Based on the results of our study, there were significant differences in the TIBG level 12 hours after treatment between the groups under treatment with iron sulfate and iron oxide and the control group. However, our repeated measure analysis showed no statistically significant changes between time 0 and 1 hour and 6 hours after treatment with each supplement as well as the doses of each supplement (table 3). These data showed that although iron oxide could be as effective as iron sulfate in the management of the Fe level, its effect was independent of time.

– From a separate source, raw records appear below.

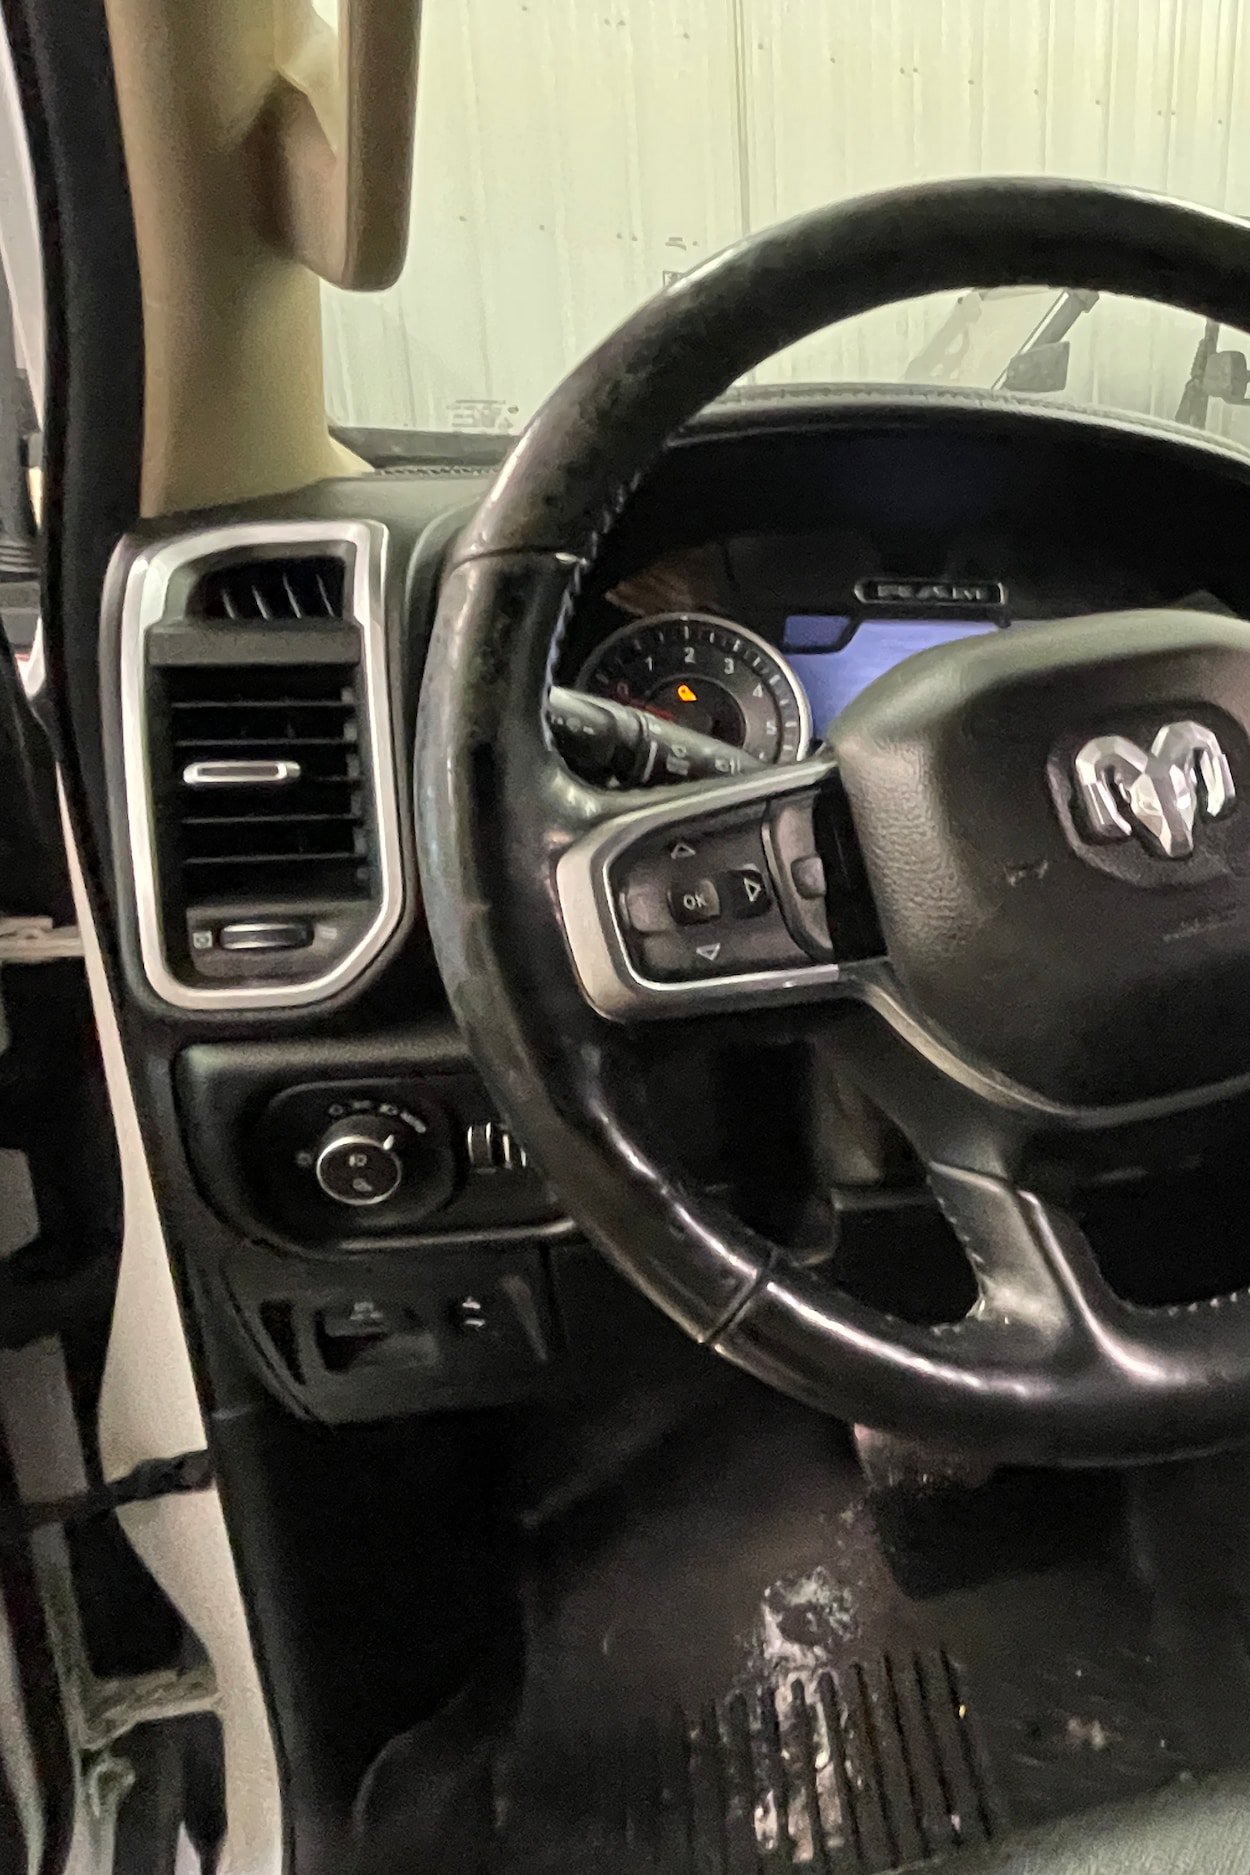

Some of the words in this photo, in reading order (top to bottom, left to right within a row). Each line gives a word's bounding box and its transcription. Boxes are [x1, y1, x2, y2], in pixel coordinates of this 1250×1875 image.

[876, 585, 982, 601] RAM
[684, 646, 697, 664] 2
[724, 656, 736, 675] 3
[752, 682, 764, 699] 4
[766, 720, 777, 736] 5
[682, 891, 709, 911] OK
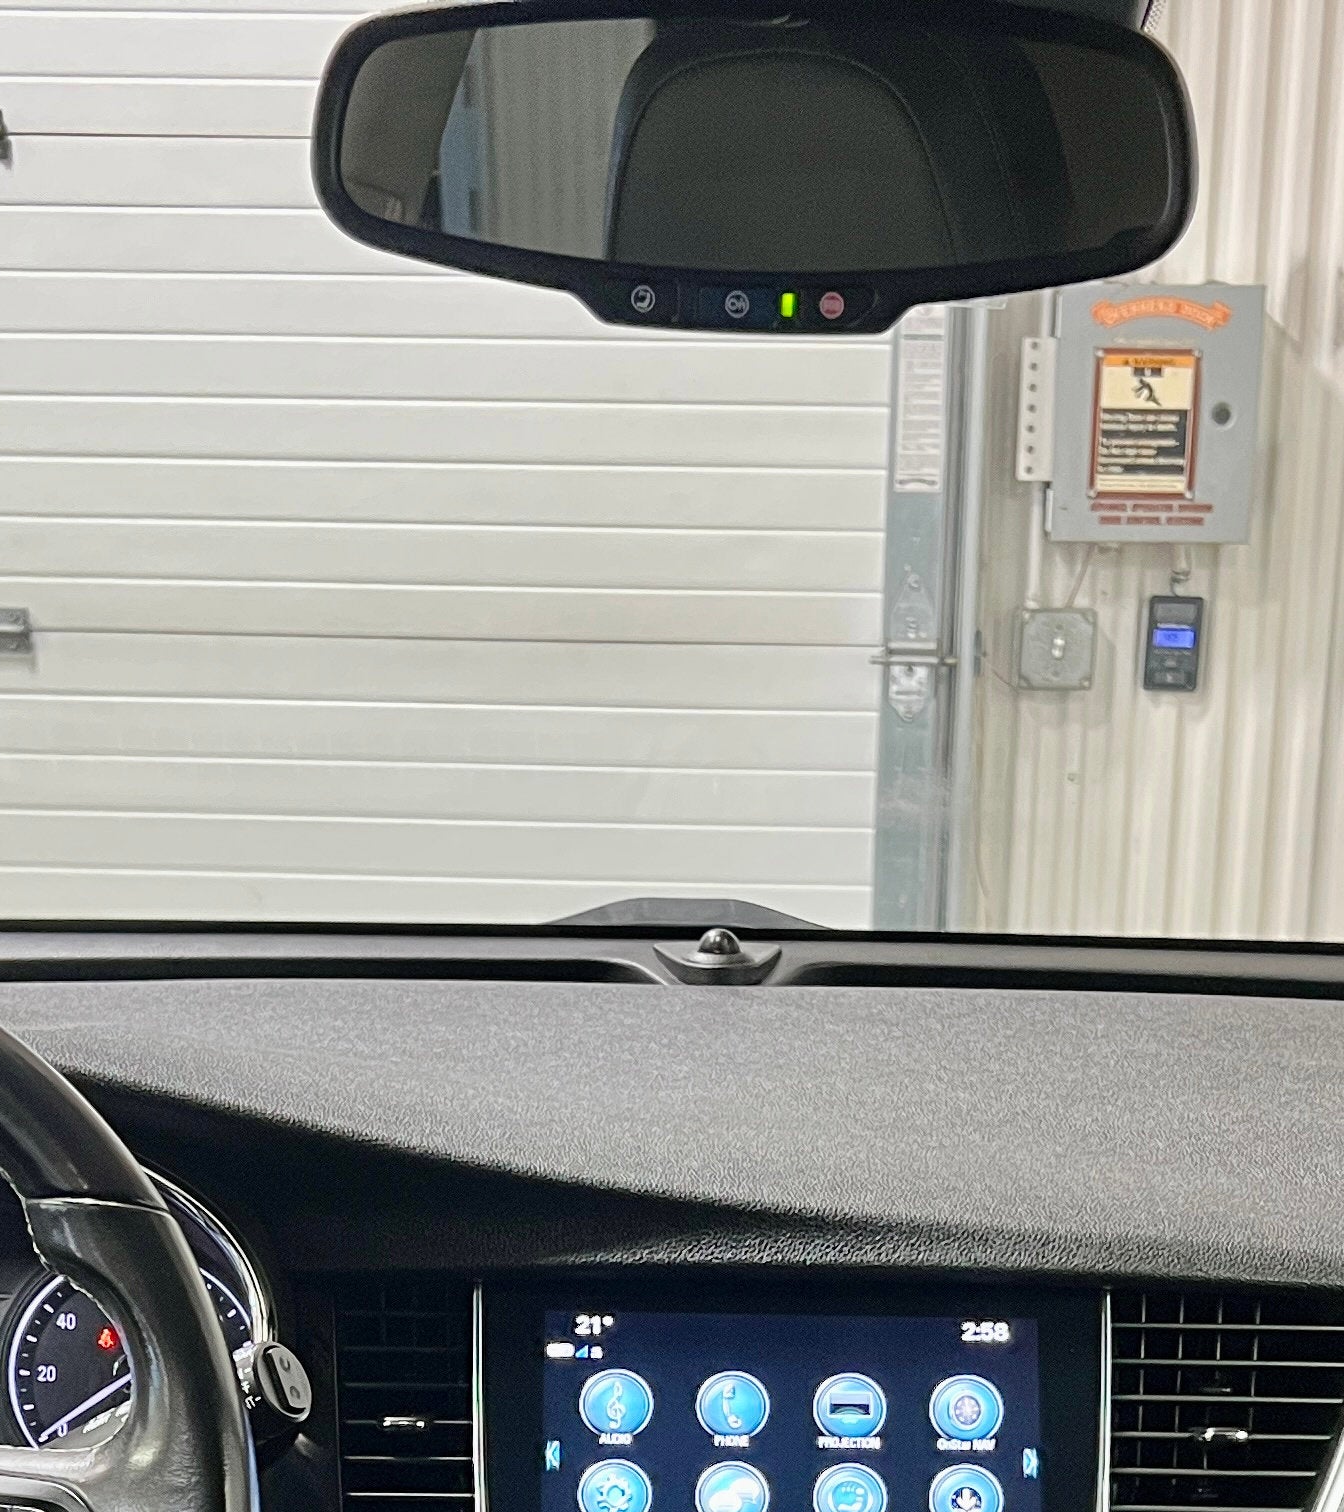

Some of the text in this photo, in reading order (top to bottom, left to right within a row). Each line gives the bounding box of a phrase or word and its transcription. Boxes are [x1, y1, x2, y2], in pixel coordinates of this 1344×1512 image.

[56, 1312, 76, 1330] 40
[960, 1320, 1010, 1342] 2:58
[36, 1365, 57, 1383] 20
[56, 1422, 68, 1437] 0
[713, 1435, 750, 1448] PHONE
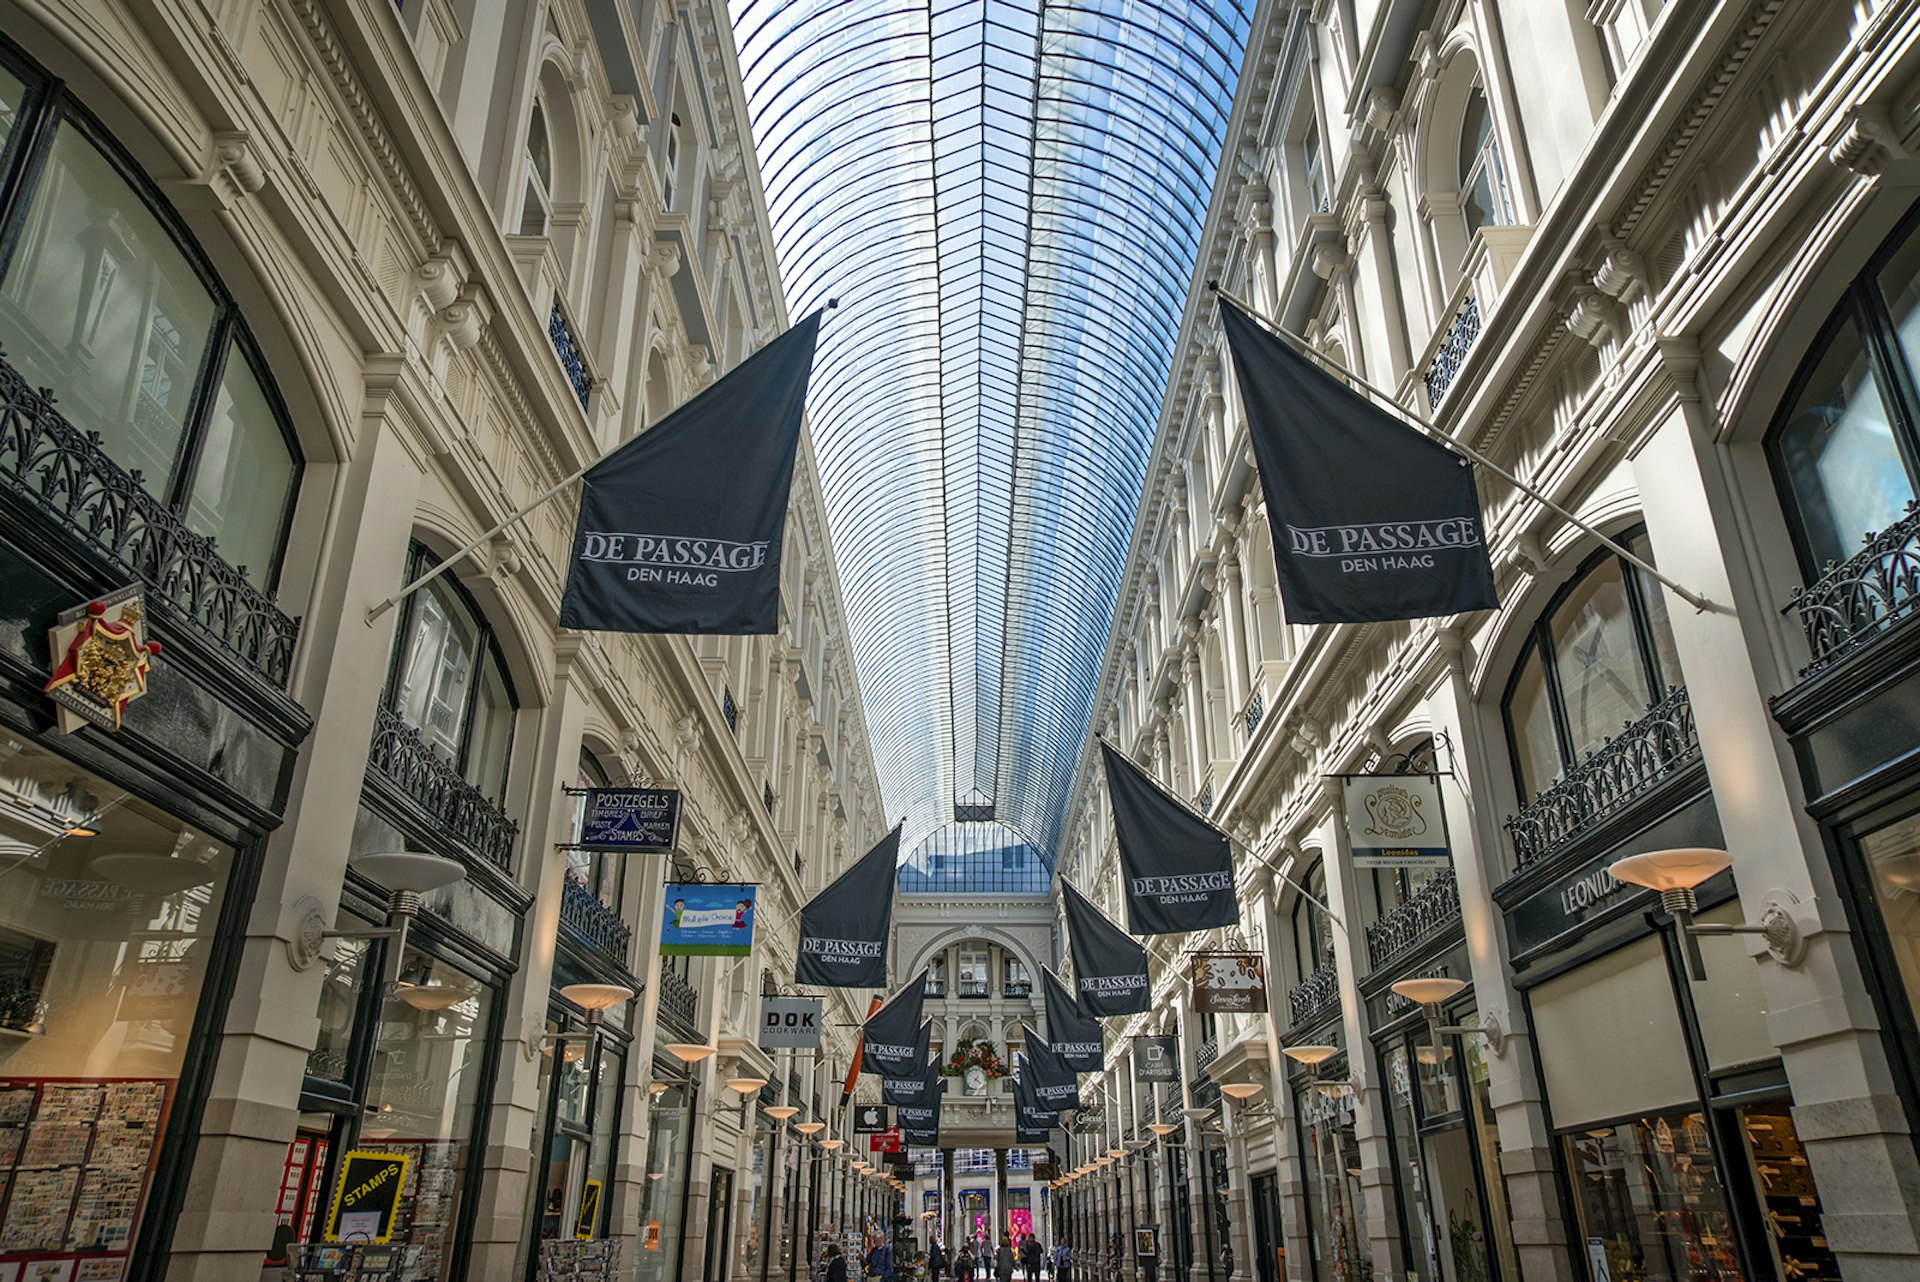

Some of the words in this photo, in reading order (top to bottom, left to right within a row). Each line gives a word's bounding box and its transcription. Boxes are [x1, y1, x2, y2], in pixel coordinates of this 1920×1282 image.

[1290, 528, 1331, 555] DE
[1338, 520, 1480, 552] PASSAGE
[582, 534, 625, 560] DE
[633, 537, 768, 569] PASSAGE
[1341, 557, 1379, 573] DEN
[1382, 554, 1435, 571] HAAG
[626, 567, 663, 583] DEN
[666, 570, 719, 587] HAAG
[595, 793, 669, 809] POSTZEGELS
[609, 829, 644, 841] STAMPS
[1382, 849, 1419, 857] Leonidas
[1133, 879, 1156, 894] DE
[1160, 873, 1231, 892] PASSAGE
[1160, 895, 1180, 904] DEN
[1181, 893, 1208, 902] HAAG
[803, 939, 821, 951] DE
[824, 940, 881, 956] PASSAGE
[821, 955, 837, 963] DEN
[1080, 978, 1095, 990] DE
[1098, 976, 1147, 989] PASSAGE
[767, 1012, 815, 1027] DOK
[864, 1043, 877, 1053] DE
[878, 1045, 914, 1057] PASSAGE
[1052, 1043, 1062, 1053] DE
[1064, 1042, 1102, 1053] PASSAGE
[884, 1080, 894, 1089] DE
[895, 1081, 924, 1090] PASSAGE
[1036, 1087, 1047, 1096] DE
[1047, 1084, 1076, 1094] PASSAGE
[344, 1163, 399, 1207] STAMPS

Previous studies have demonstrated that lactoferrin is more effective than is iron oxide in the treatment of iron deficiency.[9] One study probed into the effects of supplementation with ferrous sulfate or iron bisglycinate chelate on ferritin concentration and reported positive effects in terms of a rise in ferritin concentrations in school children with low iron stores.[10] According to the findings of another study, tripeptide iron was an effective source of iron supplement for anemic rats with iron deficiency.[11] These studies suggest that ferrous bisglycinate chelate has similar efficacy, albeit with possibly lower gastrointestinal toxicity, to ferrous sulfate given at the conventional dose of 105 mg/d for the same time duration.[12] Many previous studies have demonstrated that iron deficiency can cause inflammatory diseases and increase oxidative stress in body organs. In contrast, some other previous studies have shown that ferrous sulfate can diminish these types of inflammatory diseases and increase oxidative stress.[13,14] On the other hand, some previous studies have reported that iron sulfate and iron oxide as well as other iron supplements can modulate body metabolism and body weight. Our results vis-à-vis weight gain are concordant with these results.[15,16]

Conclusion

The implications of the findings of the present study are that perhaps iron oxide could be recommended as a supplementary compound to prevent or treat iron deficiency anemia. We suggest that this agent be used as an iron supplement or at least as an agent in combination with another standard agent. However, because of some limitations in the current study, we could not assess other hematological biomarkers such ferritin, and nor could we determine the usefulness as well as the pharmacokinetic and toxicokinetic effects of iron oxide. We would, therefore, recommend further studies on this topic.